Top of Dataset extract
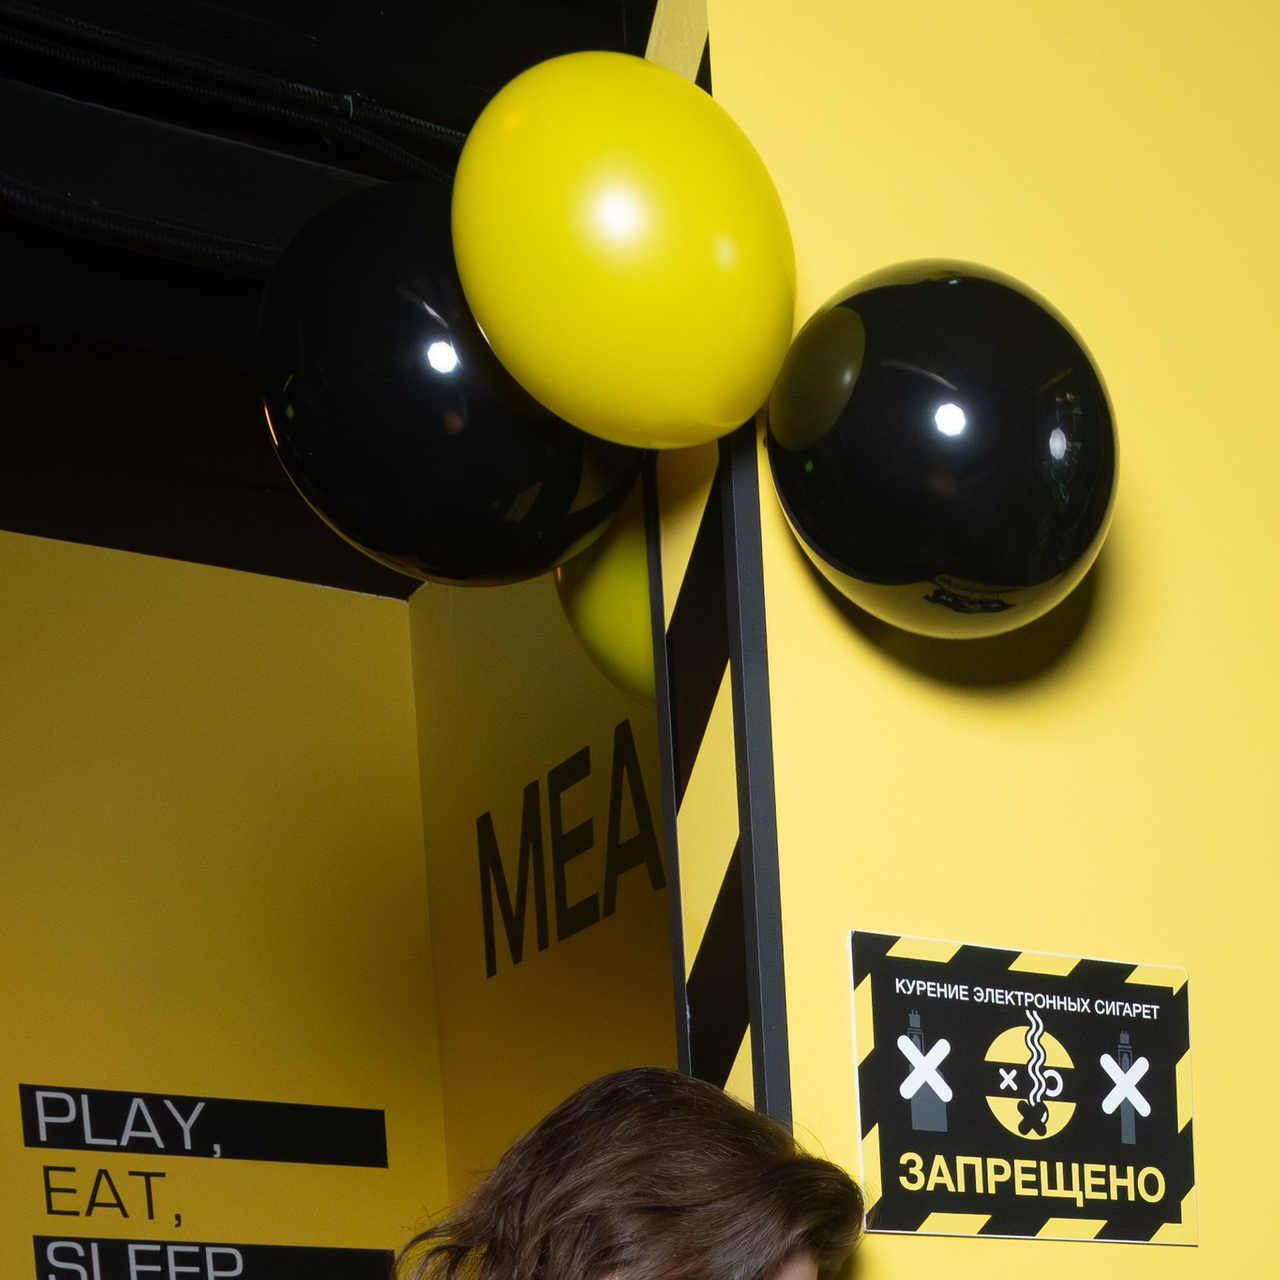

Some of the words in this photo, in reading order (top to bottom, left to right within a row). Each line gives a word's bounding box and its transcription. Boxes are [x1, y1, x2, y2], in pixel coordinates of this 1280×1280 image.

[895, 978, 969, 1001] КУРЕНИЕ
[973, 987, 1091, 1013] ЭЛЕКТРОННЫХ
[1094, 1000, 1160, 1019] СИГАРЕТ
[35, 1090, 222, 1158] PLAY,
[43, 1165, 182, 1227] EAT,
[899, 1152, 1166, 1207] ЗАПРЕЩЕНО
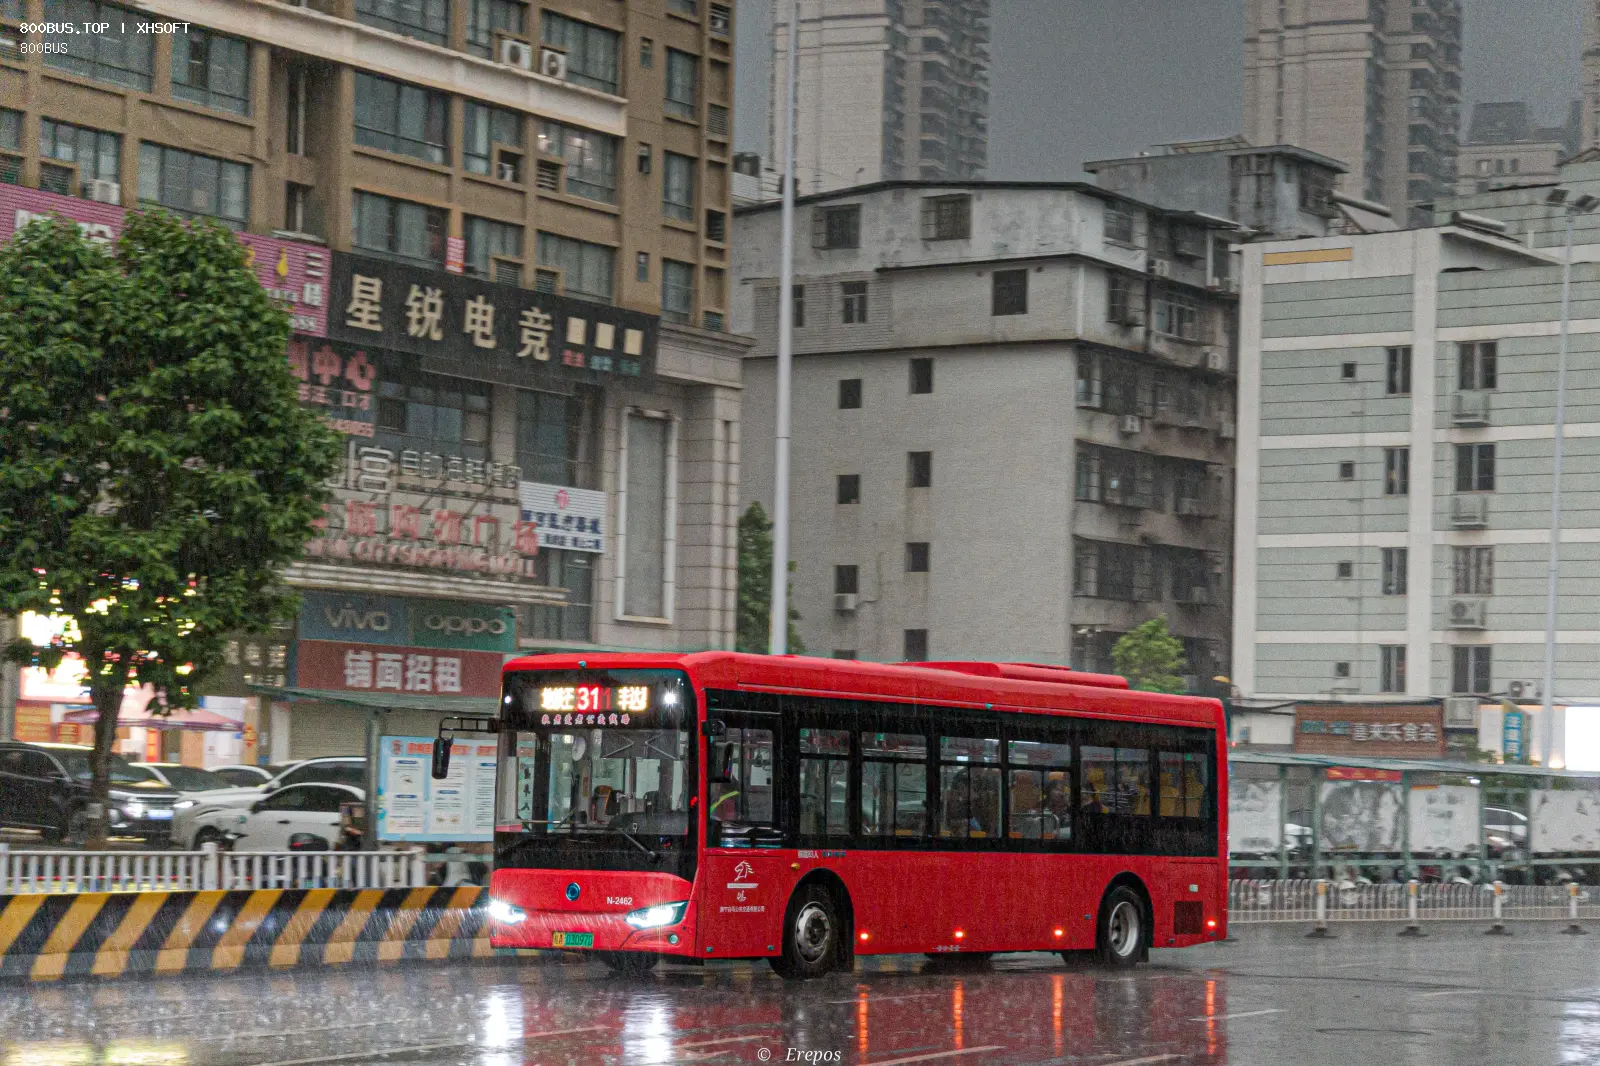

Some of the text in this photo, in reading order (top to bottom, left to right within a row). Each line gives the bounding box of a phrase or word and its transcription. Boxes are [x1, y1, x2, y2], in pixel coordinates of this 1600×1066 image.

[345, 273, 553, 361] 星锐电竞
[323, 603, 391, 632] vivo
[343, 649, 462, 692] 铺面招租
[577, 686, 600, 711] 31
[606, 896, 633, 906] N-2462
Bottom of Dataset extract
### About this exercise:
Set down every entry above again exactly, dropping each picture.

### Result of the exercise:
Some of the words in this photo, in reading order (top to bottom, left to right within a row). Each line gives a word's bounding box and its transcription. Boxes are [x1, y1, x2, y2], in pixel coordinates of this 1280×1280 image.

[895, 978, 969, 1001] КУРЕНИЕ
[973, 987, 1091, 1013] ЭЛЕКТРОННЫХ
[1094, 1000, 1160, 1019] СИГАРЕТ
[35, 1090, 222, 1158] PLAY,
[43, 1165, 182, 1227] EAT,
[899, 1152, 1166, 1207] ЗАПРЕЩЕНО

Some of the text in this photo, in reading order (top to bottom, left to right within a row). Each line gives the bounding box of a phrase or word and its transcription. Boxes are [x1, y1, x2, y2], in pixel coordinates of this 1600×1066 image.

[345, 273, 553, 361] 星锐电竞
[323, 603, 391, 632] vivo
[343, 649, 462, 692] 铺面招租
[577, 686, 600, 711] 31
[606, 896, 633, 906] N-2462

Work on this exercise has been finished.